Alexis Pezé Pilleau (13 January 1696 – buried 16 March 1770) was an 18th-century English silversmith of Huguenot descent.

Pilleau was the fourth son of French Huguenot refugees Alexis Pilleau and Madeleine Pezé. His father's family were established goldsmiths in Le Mans and in London he specialised in gold teeth. Pilleau's great-great-grandfather, also named Alexis, was responsible for the silver and gold reliquary for the Le Mans Cathedral in 1612. He was presumably born in London, where he was baptised at 10 days old at the Church of le Carré and Berwick Street.

In 1720, Pilleau was apprenticed to John (Jean) Chartier, another Huguenot.

By 1732, Pilleau had workshops above the "Golden Cup" on Chandos Street, London. Antique silver historian Arthur Girling Grimwade wrote that, "Pilleau's work, though comparatively rare, is characterised by fine proportion and finish."

Pilleau married Chartier's daughter, Henriette Chartier. They had six sons and two daughters. Pilleau died in 1770 and left an estate at Wigborough, Essex, to his daughter Susanne, who founded the Lying-in-Charity for expecting mothers at Colchester.

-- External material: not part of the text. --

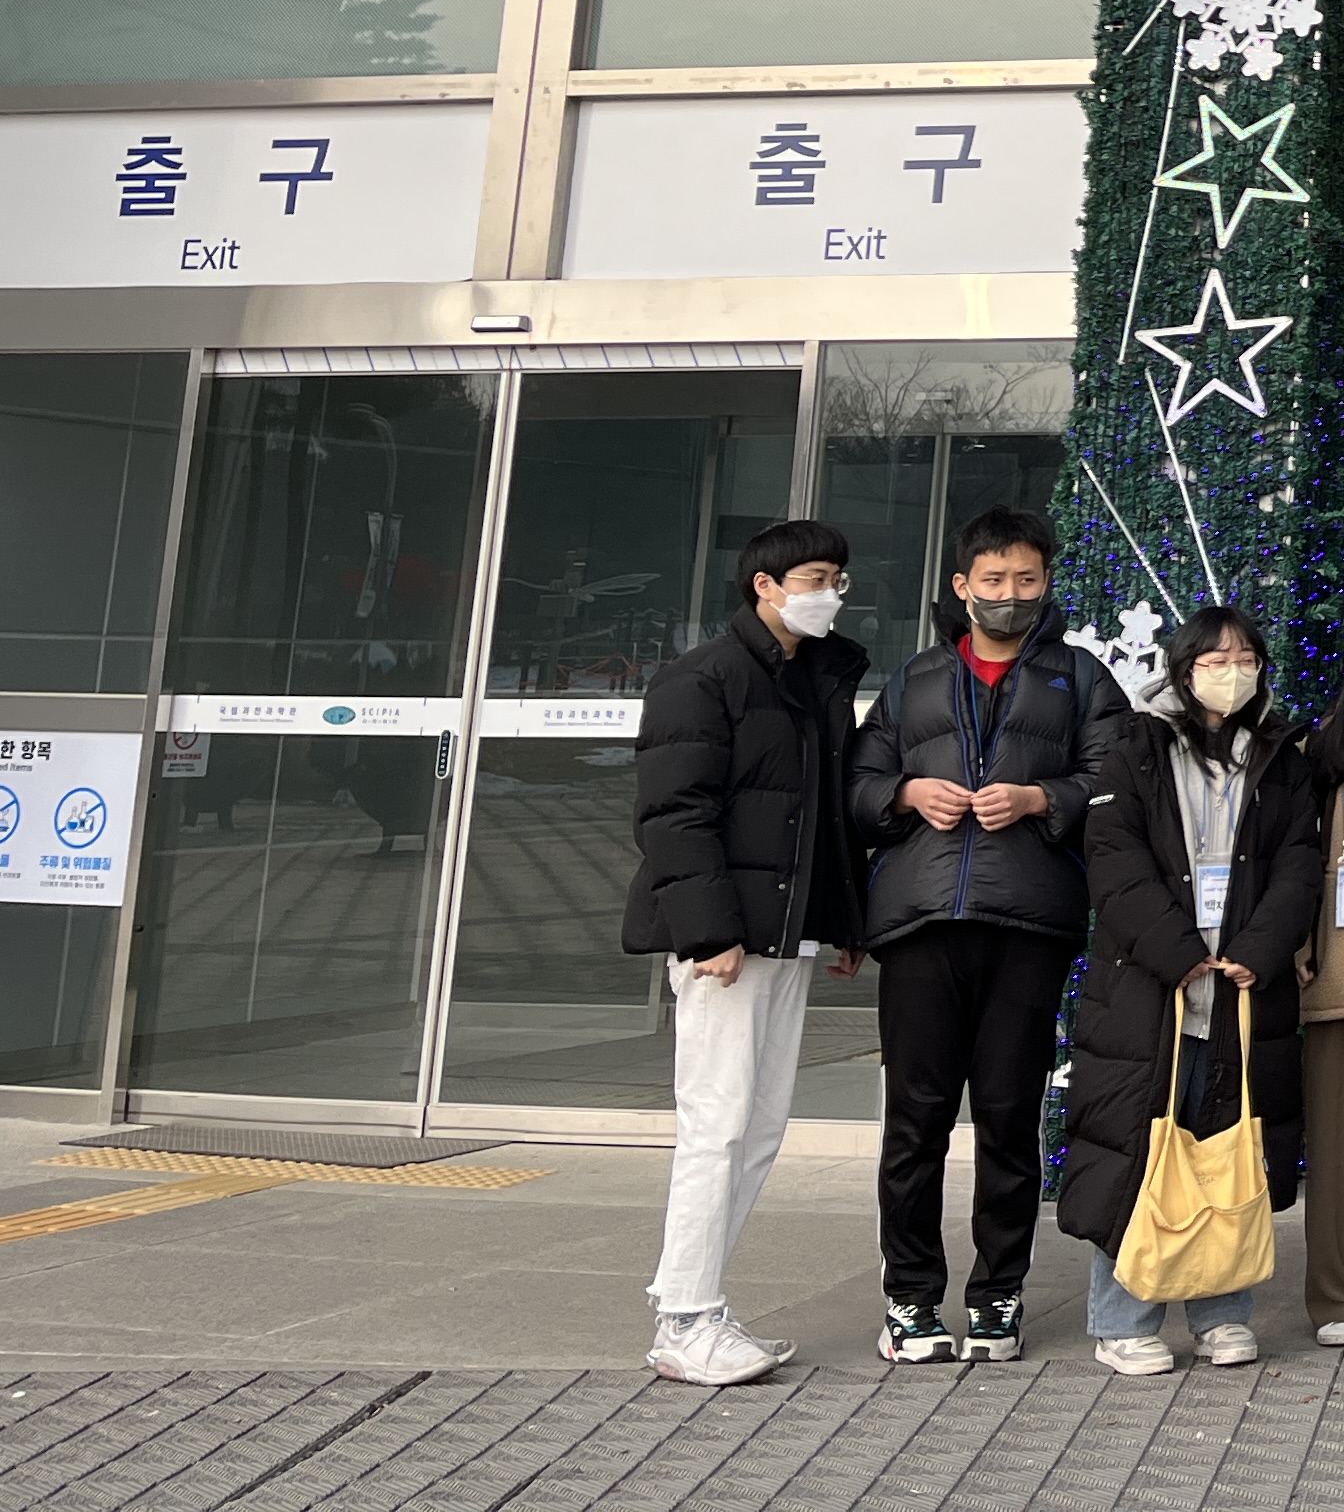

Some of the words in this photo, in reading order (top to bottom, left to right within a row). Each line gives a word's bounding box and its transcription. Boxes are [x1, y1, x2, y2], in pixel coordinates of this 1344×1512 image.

[180, 237, 242, 271] Exit
[823, 226, 888, 261] Exit
[361, 707, 401, 718] SCIPIA
[21, 740, 52, 761] 항목

He had one surviving son, Isaac, who was an art connoisseur and helped the Earl of Liverpool curate his collection of pictures and engravings. Isaac's descendants included several distinguished military and medical individuals of the nineteenth century. Sir Charles Travis Clay, librarian and antiquarian, was among his prominent descendants, born the grandson of Colonel Henry Pilleau.